10 November 2011

Tell a lie often enough and it becomes a mantra

After watching the Republican 'debate' last evening I feel there is a LOT of misinformation being spread to place blame other than where it belongs for the housing crisis and the ripples it created. And now it is hammered by the candidates that we need LESS regulation? Really? Bring back Glass-Steagall.

Source: Barrons Online (Oct 2008)

THIS MEMO PROVIDES A BRIEF HISTORY OF the actions that helped create this crisis.

1997: Federal Reserve Chairman Alan Greenspan's famous "irrational exuberance" speech in 1996 was somehow ignored by, um, Fed Chairman Greenspan. The Fed missed the opportunity to change margin requirements. Had the Fed acted, the bubble would not have inflated as much, and the subsequent crash would not have been as severe.

1998: Long Term Capital Management was undercapitalized, used enormous amounts of leverage to purchase all manner of thinly traded, hard-to-value paper. It failed, and under the authority of the Federal Reserve a "private-sector" rescue plan was cobbled together. Had these bankers suffered big losses from LTCM, they might have thought twice before jumping into the exact same business model of undercapitalized, overleveraged, thinly traded, hard-to-value paper. Instead, they reaffirmed Benjamin Disraeli's famous aphorism: "What we learn from history is that we do not learn from history."

1999: The Financial Services Modernization Act repealed Glass-Steagall, a law that had separated the commercial-banking industry from Wall Street, and the two industries, plus insurance, came together again. Banks became bigger, clumsier, and hard to manage. Apparently, risk-management became all but impossible, even as banks had greater access to larger pools of capital.
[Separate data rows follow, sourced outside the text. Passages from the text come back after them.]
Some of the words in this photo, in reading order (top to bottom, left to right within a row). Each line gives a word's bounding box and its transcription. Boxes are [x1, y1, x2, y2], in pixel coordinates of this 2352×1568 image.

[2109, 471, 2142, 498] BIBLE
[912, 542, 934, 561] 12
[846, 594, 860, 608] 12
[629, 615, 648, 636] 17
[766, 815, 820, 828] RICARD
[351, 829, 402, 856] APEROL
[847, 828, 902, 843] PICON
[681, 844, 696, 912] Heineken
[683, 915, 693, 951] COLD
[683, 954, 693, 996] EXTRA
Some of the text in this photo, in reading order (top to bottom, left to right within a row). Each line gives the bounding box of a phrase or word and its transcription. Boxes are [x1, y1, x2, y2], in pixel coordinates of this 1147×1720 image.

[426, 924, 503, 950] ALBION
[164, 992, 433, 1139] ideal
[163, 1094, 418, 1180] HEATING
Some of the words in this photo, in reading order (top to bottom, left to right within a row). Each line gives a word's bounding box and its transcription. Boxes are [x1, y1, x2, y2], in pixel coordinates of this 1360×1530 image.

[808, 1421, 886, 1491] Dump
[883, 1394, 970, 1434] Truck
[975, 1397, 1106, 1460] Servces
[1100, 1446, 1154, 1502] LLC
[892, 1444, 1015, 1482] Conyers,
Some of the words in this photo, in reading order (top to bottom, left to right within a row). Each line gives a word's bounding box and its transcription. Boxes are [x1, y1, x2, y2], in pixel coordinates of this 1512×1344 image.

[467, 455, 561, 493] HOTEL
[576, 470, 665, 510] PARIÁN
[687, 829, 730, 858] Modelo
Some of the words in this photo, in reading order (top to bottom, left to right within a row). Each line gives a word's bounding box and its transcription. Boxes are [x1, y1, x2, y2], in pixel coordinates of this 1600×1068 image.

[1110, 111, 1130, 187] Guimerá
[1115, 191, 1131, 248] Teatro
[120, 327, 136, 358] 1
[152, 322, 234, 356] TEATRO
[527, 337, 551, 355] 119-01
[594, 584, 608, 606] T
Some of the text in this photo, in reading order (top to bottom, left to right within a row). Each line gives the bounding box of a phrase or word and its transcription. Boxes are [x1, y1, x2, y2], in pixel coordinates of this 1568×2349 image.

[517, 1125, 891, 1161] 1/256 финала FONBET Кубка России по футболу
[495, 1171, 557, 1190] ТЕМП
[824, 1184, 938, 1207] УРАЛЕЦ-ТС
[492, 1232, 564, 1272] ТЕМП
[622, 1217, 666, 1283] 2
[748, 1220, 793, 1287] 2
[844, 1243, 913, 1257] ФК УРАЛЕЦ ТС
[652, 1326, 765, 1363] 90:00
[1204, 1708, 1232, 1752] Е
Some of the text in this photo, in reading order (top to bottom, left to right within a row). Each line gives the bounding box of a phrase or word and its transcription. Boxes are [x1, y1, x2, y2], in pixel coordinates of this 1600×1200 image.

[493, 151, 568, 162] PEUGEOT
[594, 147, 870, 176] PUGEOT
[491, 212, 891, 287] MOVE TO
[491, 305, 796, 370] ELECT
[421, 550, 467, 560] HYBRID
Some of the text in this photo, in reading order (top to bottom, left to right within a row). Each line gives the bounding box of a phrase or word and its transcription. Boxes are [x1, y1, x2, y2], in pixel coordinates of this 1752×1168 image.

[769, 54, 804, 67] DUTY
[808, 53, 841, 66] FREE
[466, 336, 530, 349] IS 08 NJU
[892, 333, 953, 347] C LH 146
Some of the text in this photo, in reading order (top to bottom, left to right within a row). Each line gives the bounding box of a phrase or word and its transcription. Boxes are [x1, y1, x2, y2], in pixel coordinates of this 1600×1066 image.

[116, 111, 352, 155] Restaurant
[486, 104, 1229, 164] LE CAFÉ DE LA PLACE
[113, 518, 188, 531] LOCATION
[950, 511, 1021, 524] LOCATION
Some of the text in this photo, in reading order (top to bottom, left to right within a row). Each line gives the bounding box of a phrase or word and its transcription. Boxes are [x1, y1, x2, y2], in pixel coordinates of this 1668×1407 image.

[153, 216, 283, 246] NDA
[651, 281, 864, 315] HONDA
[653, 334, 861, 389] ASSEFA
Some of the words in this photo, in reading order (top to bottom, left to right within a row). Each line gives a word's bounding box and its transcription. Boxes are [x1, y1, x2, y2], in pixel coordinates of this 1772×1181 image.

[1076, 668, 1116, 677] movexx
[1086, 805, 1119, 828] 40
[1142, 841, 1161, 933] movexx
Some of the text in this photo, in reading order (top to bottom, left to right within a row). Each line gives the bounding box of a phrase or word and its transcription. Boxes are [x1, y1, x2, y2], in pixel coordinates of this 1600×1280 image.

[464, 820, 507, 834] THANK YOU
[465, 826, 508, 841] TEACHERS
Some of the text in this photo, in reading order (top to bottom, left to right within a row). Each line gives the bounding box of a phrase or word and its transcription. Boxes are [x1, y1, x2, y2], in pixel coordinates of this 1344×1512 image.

2000: The Commodities Futures Modernization Act defined financial commodities such as "interest rates, currency prices, and stock indexes" as "excluded commodities." They could trade off the futures exchanges, with minimal oversight by the Commodity Futures Trading Commission. Neither the Securities and Exchange Commission, nor the Federal Reserve, nor any state insurance regulators had the ability to supervise or regulate the writing of credit-default swaps by hedge funds, investment banks or insurance companies.

2001-'03: Alan Greenspan's Fed dropped federal-fund rates to 1%. Lulled into a false belief that inflation was not a problem, the Fed then kept rates at 1% for more than a year. This set off an inflationary spiral in housing, and a desperate hunt for yield by fixed-income managers.

2003-'07: The Federal Reserve failed to use its supervisory and regulatory authority over banks, mortgage underwriters and other lenders, who abandoned such standards as employment history, income, down payments, credit rating, assets, property loan-to-value ratio and debt-servicing ability. The borrower's ability to repay these mortgages was replaced with the lender's ability to securitize and repackage them.

2004: The SEC waived its leverage rules. Previously, broker/dealer net-capital rules limited firms to a maximum debt-to-net-capital ratio of 12 to 1. This 2004 exemption allowed them to exceed this leverage rule. Only five firms -- Goldman Sachs, Merrill Lynch, Lehman Brothers, Bear Stearns and Morgan Stanley -- were granted this exemption; they promptly levered up 20, 30 and even 40 to 1.

2005-'07: Unscrupulous home appraisers found that they could attract more business by inflating appraisals. Intrinsic value was ignored, so referrals kept coming in. This helped borrowers obtain financing at prices that were increasingly unsupportable. When honest appraisers petitioned both Congress and the bureaucracy to intervene in the widespread fraud, neither branch of government acted.